As presented in Figures 1(a) and 1(b), these types of rocks were piled up with nonuniform grain size and distinct edges and corners, different sizes of pores were formed, small particulate matters were embedded near the pores, and a certain amount of nonuniform flocculent cement classified as clay minerals adhered to the particle surface. With poor rounding and separation properties, the rocks were mainly formed by void-type cementation, along with base-type cementation, and most of the cement types were clay minerals. The XRD analysis was performed on four rock samples, which had quartz, feldspar, illite, kaolinite, and chlorite as main mineral components. Quartz accounted for 25%–38% (average percentage: 30.75%) of the contents and kaolinite accounted for 30%–50% (average percentage: 41.25%) (Figure 1(d)).

1.2. Test Conditions and Test Plan

US MTS816 full-automatic triaxial rock test system introduced by Anhui University was used to conduct the triaxial compression failure test under various confining pressures (Figure 2). The maximum axial load that could be applied by the equipment was 1,000 kN, the maximum confining pressure was 60 MPa, and the maximum axial and transverse deformations were 20 mm and 5 mm, respectively. The standard samples were prepared in accordance with Specifications for Rock Tests in Water Conservancy and Hydroelectric Engineering (SL264-2001). The size of each rock sample was 50 mm (diameter) × 100 mm (height), and the nonparallelism at the two ends of each sample was less than 0.05 mm. The samples were selected and grouped according to longitudinal wave velocity to guarantee their uniformity. First, each rock sample was placed between upper and lower cushion blocks, the size of which was basically identical to the sample diameter. Each sample was then wrapped using an imported double-layer latex cover together with upper and lower cushion blocks and then ironed out with a hot-air blower. The upper and lower ends of the latex cover were tightened using iron wires to discourage high confining pressure from squeezing out the latex cover under sample failure and prevent hydraulic oil from entering the latex cover, as these conditions would influence the test results.

Figure 2 

Test system of MTS816.

The axial and confining pressures were applied at a rate of 0.05 MPa/s to present value in the initial phase, and the confining pressure was maintained during the test process. The displacement control mode was adopted in axial direction, the upper limit of compressive displacement was set, and the axial load was applied at a rate of 0.005 mm/s until the sample underwent failure. Several confining pressures used in this test corresponded to the supporting forces provided in practical engineering, that is, 0, 5, 10, and 15 MPa. Each group had three test blocks.

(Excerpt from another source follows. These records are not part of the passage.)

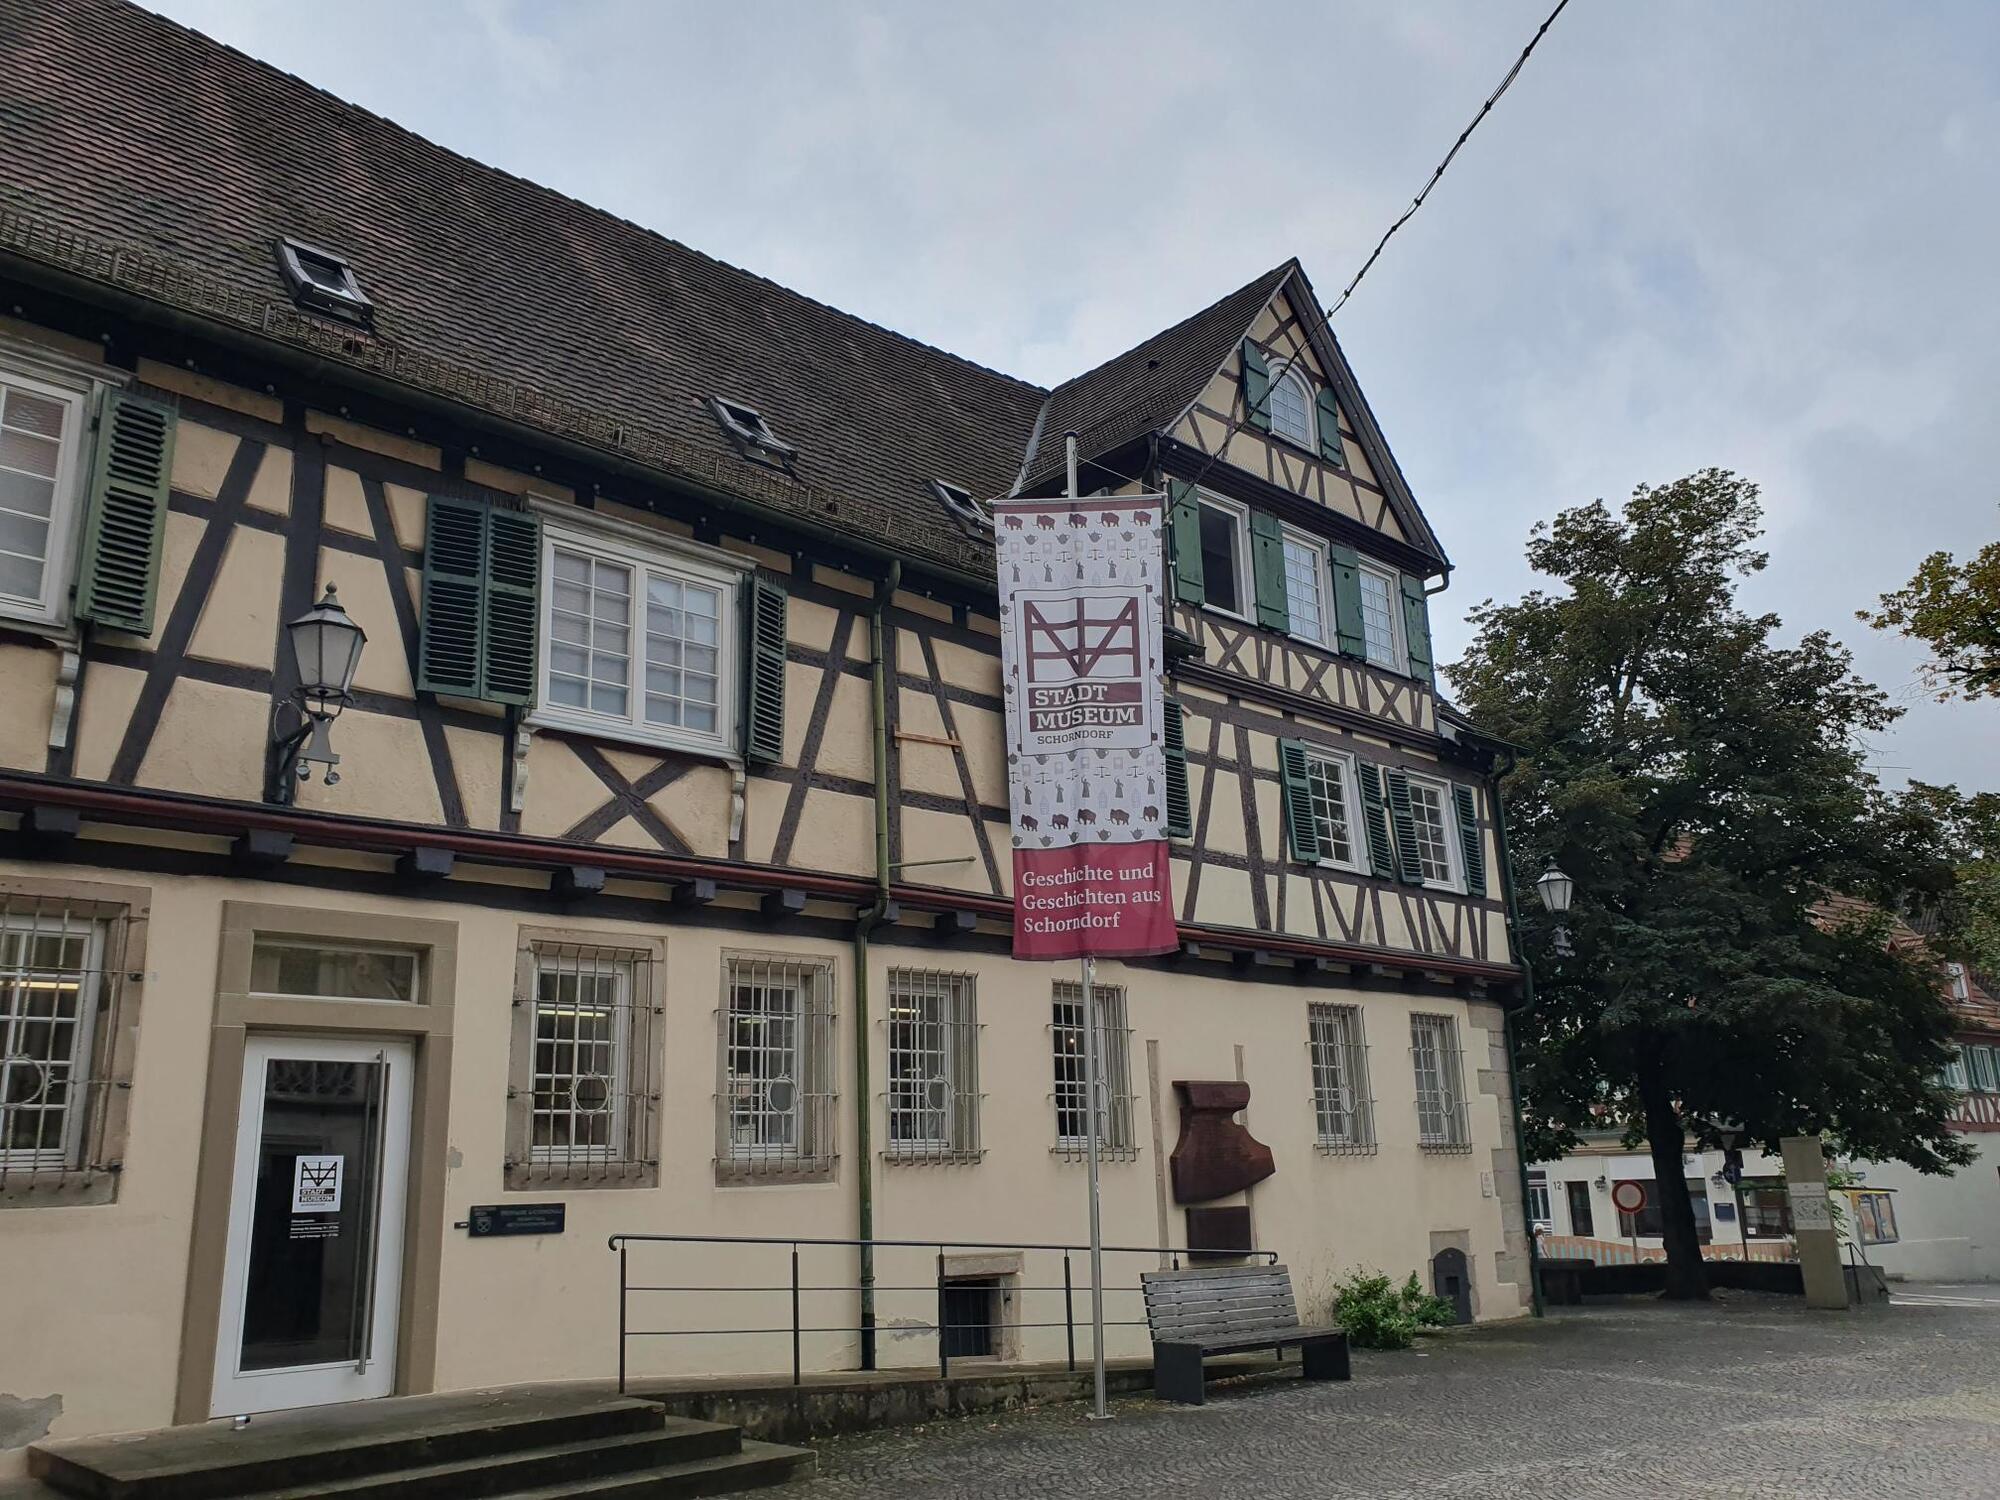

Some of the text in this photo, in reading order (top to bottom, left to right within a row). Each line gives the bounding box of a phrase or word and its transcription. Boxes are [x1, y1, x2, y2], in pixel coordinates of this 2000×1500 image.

[1035, 685, 1108, 706] STADT
[1036, 707, 1136, 729] MUSEUM
[1037, 730, 1114, 745] SCHORNDORF
[1022, 862, 1154, 887] Geschichte und
[1022, 888, 1161, 910] Geschichten aus
[1023, 911, 1121, 933] Schorndorf
[1553, 1181, 1563, 1191] 12

2. Test Result Analysis of Weakly Cemented Sandstones

2.1. Deformation Mechanism Analysis of Weakly Cemented Sandstones

With the availability of mass test data and similarity of stress-strain change trends in weakly cemented sandstones, only typical stress-strain curves are listed in Figure 3. As in most rock masses, the stress-strain curve of weakly cemented sandstone can be divided into five phases: compaction, elastic, plastic, strain-softening phase, and residual. The following results were obtained from the stress-strain curves.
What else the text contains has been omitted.